Exercise description:
Would you please restate the data exactly as it stands, apart from the pictures?

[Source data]
★ ★ ★

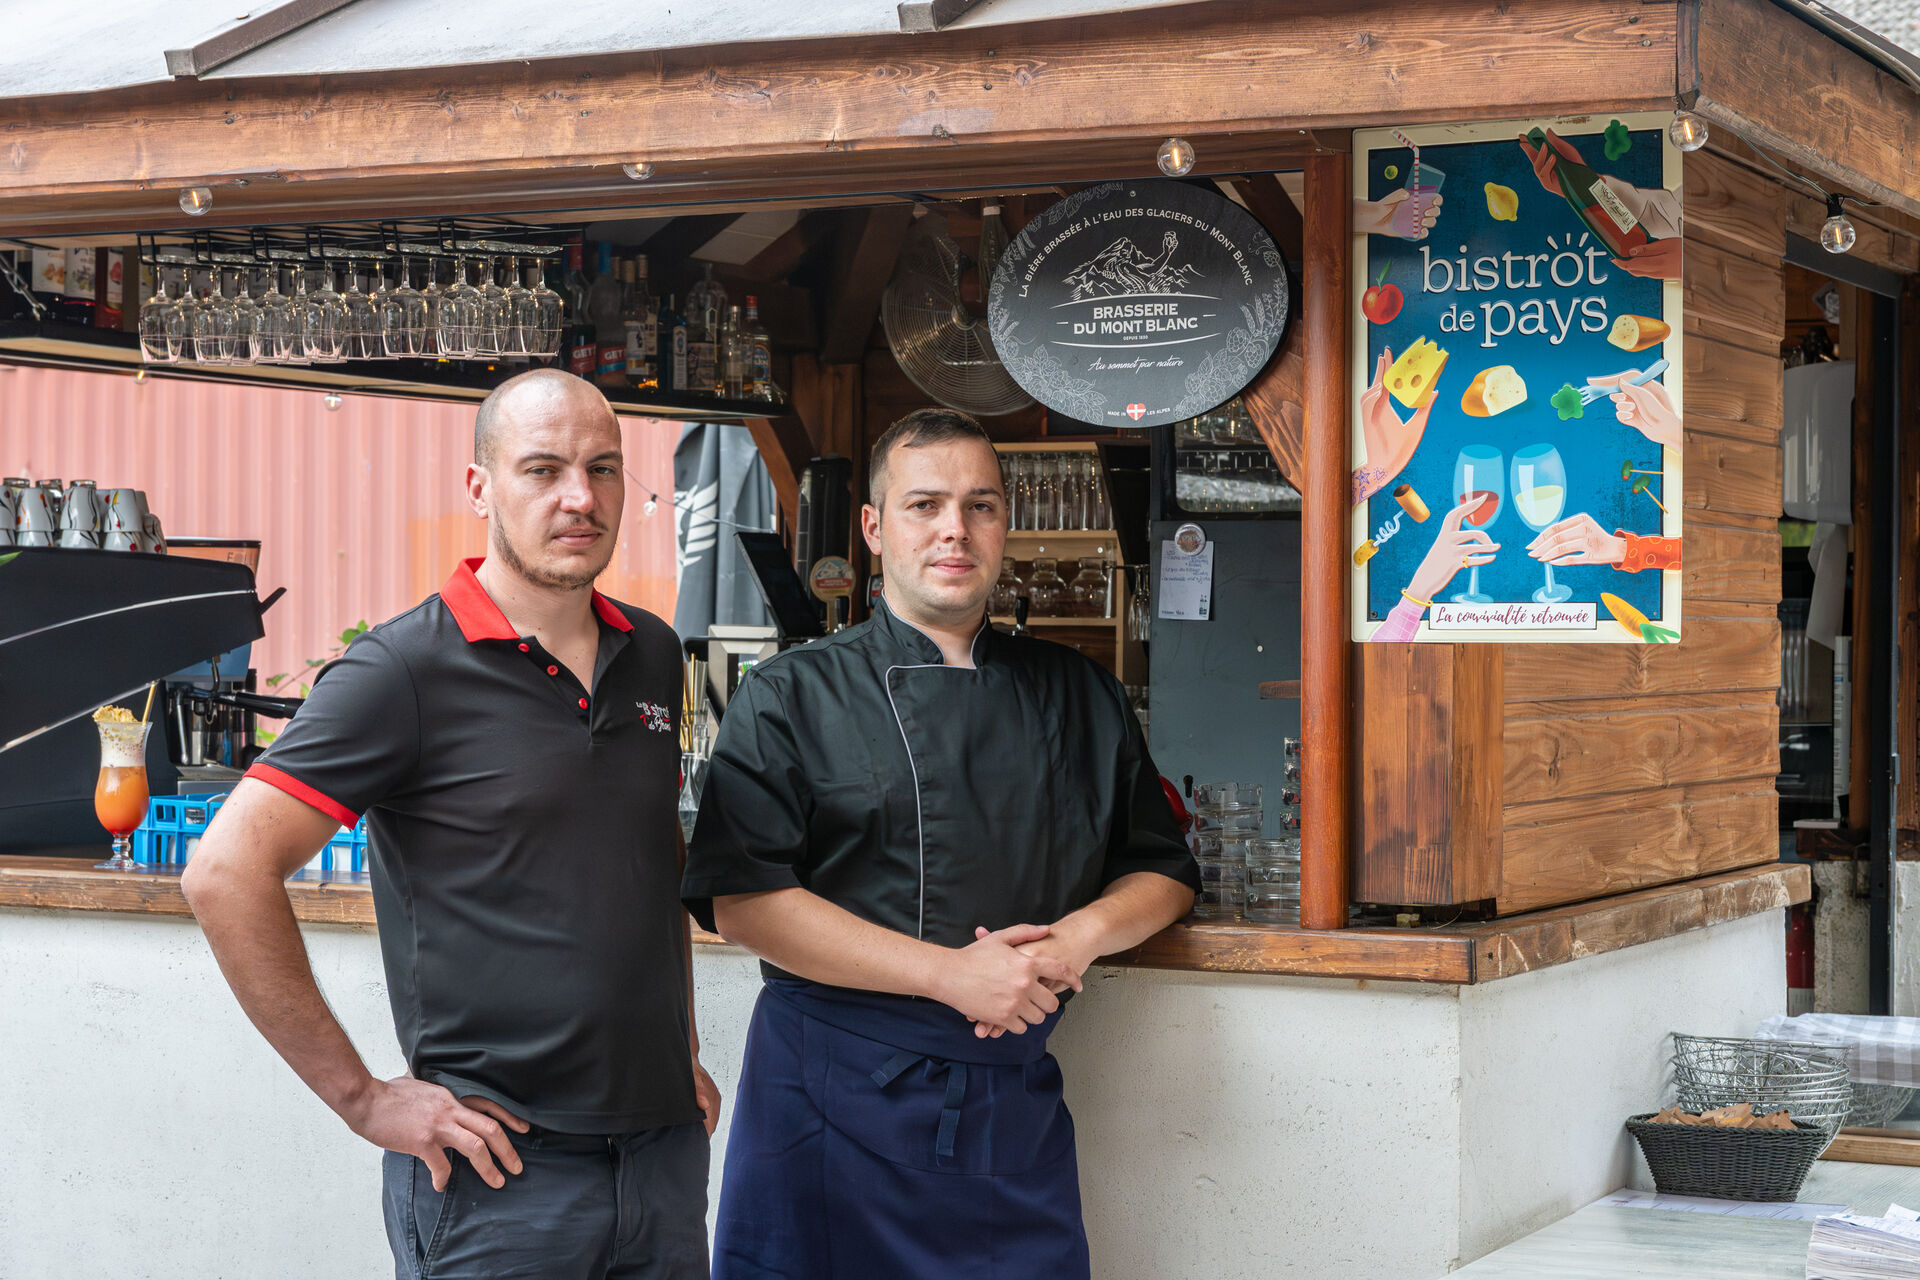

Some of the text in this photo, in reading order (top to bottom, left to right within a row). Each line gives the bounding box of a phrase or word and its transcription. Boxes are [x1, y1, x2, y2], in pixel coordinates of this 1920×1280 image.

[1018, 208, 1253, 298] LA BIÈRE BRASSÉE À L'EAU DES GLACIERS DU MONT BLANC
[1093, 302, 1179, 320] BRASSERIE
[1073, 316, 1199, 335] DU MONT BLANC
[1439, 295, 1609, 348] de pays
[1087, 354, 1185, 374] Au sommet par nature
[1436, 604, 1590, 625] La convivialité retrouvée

★ ★ ★

Reply to the exercise:
Some of the text in this photo, in reading order (top to bottom, left to right within a row). Each line gives the bounding box of a phrase or word and its transcription. Boxes are [x1, y1, x2, y2], in pixel coordinates of this 1920×1280 image.

[1018, 208, 1253, 298] LA BIÈRE BRASSÉE À L'EAU DES GLACIERS DU MONT BLANC
[1093, 302, 1179, 320] BRASSERIE
[1073, 316, 1199, 335] DU MONT BLANC
[1439, 295, 1609, 348] de pays
[1087, 354, 1185, 374] Au sommet par nature
[1436, 604, 1590, 625] La convivialité retrouvée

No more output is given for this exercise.